+++ The records

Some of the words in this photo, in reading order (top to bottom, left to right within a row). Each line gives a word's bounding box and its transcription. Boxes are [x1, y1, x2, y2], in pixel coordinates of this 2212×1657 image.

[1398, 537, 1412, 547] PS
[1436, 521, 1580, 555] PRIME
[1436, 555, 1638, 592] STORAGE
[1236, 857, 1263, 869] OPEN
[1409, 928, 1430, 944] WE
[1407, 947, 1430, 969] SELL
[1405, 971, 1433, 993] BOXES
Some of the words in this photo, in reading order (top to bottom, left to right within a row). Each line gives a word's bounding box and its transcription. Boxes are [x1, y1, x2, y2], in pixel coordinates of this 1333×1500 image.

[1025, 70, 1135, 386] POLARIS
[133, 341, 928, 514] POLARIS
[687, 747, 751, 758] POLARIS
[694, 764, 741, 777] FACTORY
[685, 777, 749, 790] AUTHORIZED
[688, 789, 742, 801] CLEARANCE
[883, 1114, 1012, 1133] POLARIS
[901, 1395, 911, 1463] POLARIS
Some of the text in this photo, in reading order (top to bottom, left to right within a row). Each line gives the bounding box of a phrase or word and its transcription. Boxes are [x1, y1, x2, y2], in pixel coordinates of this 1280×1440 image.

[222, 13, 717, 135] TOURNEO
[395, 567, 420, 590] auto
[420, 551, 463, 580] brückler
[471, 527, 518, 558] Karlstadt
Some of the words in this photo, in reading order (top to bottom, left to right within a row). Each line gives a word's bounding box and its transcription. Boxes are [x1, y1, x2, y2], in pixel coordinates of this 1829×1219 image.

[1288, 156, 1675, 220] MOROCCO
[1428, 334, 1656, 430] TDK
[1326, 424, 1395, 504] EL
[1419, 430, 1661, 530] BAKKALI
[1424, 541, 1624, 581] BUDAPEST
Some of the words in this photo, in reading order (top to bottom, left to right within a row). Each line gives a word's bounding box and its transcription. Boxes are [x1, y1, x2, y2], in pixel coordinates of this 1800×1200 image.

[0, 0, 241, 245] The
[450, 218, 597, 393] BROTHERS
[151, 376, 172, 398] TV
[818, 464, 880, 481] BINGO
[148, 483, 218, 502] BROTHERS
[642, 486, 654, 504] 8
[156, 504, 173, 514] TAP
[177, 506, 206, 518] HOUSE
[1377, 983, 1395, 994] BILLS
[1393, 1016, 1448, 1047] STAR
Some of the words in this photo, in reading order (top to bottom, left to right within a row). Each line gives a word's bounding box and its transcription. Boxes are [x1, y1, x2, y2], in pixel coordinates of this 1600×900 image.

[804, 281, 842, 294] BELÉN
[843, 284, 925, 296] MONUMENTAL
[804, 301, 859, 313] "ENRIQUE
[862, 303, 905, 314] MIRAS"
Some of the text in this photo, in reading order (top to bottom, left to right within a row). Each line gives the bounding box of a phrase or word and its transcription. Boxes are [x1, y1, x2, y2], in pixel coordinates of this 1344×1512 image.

++++++

Write each line of the data above out again without altering a word.

Some of the words in this photo, in reading order (top to bottom, left to right within a row). Each line gives a word's bounding box and its transcription. Boxes are [x1, y1, x2, y2], in pixel coordinates of this 2212×1657 image.

[1398, 537, 1412, 547] PS
[1436, 521, 1580, 555] PRIME
[1436, 555, 1638, 592] STORAGE
[1236, 857, 1263, 869] OPEN
[1409, 928, 1430, 944] WE
[1407, 947, 1430, 969] SELL
[1405, 971, 1433, 993] BOXES
Some of the words in this photo, in reading order (top to bottom, left to right within a row). Each line gives a word's bounding box and its transcription. Boxes are [x1, y1, x2, y2], in pixel coordinates of this 1333×1500 image.

[1025, 70, 1135, 386] POLARIS
[133, 341, 928, 514] POLARIS
[687, 747, 751, 758] POLARIS
[694, 764, 741, 777] FACTORY
[685, 777, 749, 790] AUTHORIZED
[688, 789, 742, 801] CLEARANCE
[883, 1114, 1012, 1133] POLARIS
[901, 1395, 911, 1463] POLARIS
Some of the text in this photo, in reading order (top to bottom, left to right within a row). Each line gives the bounding box of a phrase or word and its transcription. Boxes are [x1, y1, x2, y2], in pixel coordinates of this 1280×1440 image.

[222, 13, 717, 135] TOURNEO
[395, 567, 420, 590] auto
[420, 551, 463, 580] brückler
[471, 527, 518, 558] Karlstadt
Some of the words in this photo, in reading order (top to bottom, left to right within a row). Each line gives a word's bounding box and its transcription. Boxes are [x1, y1, x2, y2], in pixel coordinates of this 1829×1219 image.

[1288, 156, 1675, 220] MOROCCO
[1428, 334, 1656, 430] TDK
[1326, 424, 1395, 504] EL
[1419, 430, 1661, 530] BAKKALI
[1424, 541, 1624, 581] BUDAPEST
Some of the words in this photo, in reading order (top to bottom, left to right within a row). Each line gives a word's bounding box and its transcription. Boxes are [x1, y1, x2, y2], in pixel coordinates of this 1800×1200 image.

[0, 0, 241, 245] The
[450, 218, 597, 393] BROTHERS
[151, 376, 172, 398] TV
[818, 464, 880, 481] BINGO
[148, 483, 218, 502] BROTHERS
[642, 486, 654, 504] 8
[156, 504, 173, 514] TAP
[177, 506, 206, 518] HOUSE
[1377, 983, 1395, 994] BILLS
[1393, 1016, 1448, 1047] STAR
Some of the words in this photo, in reading order (top to bottom, left to right within a row). Each line gives a word's bounding box and its transcription. Boxes are [x1, y1, x2, y2], in pixel coordinates of this 1600×900 image.

[804, 281, 842, 294] BELÉN
[843, 284, 925, 296] MONUMENTAL
[804, 301, 859, 313] "ENRIQUE
[862, 303, 905, 314] MIRAS"
Some of the text in this photo, in reading order (top to bottom, left to right within a row). Each line gives the bounding box of a phrase or word and its transcription. Boxes are [x1, y1, x2, y2], in pixel coordinates of this 1344×1512 image.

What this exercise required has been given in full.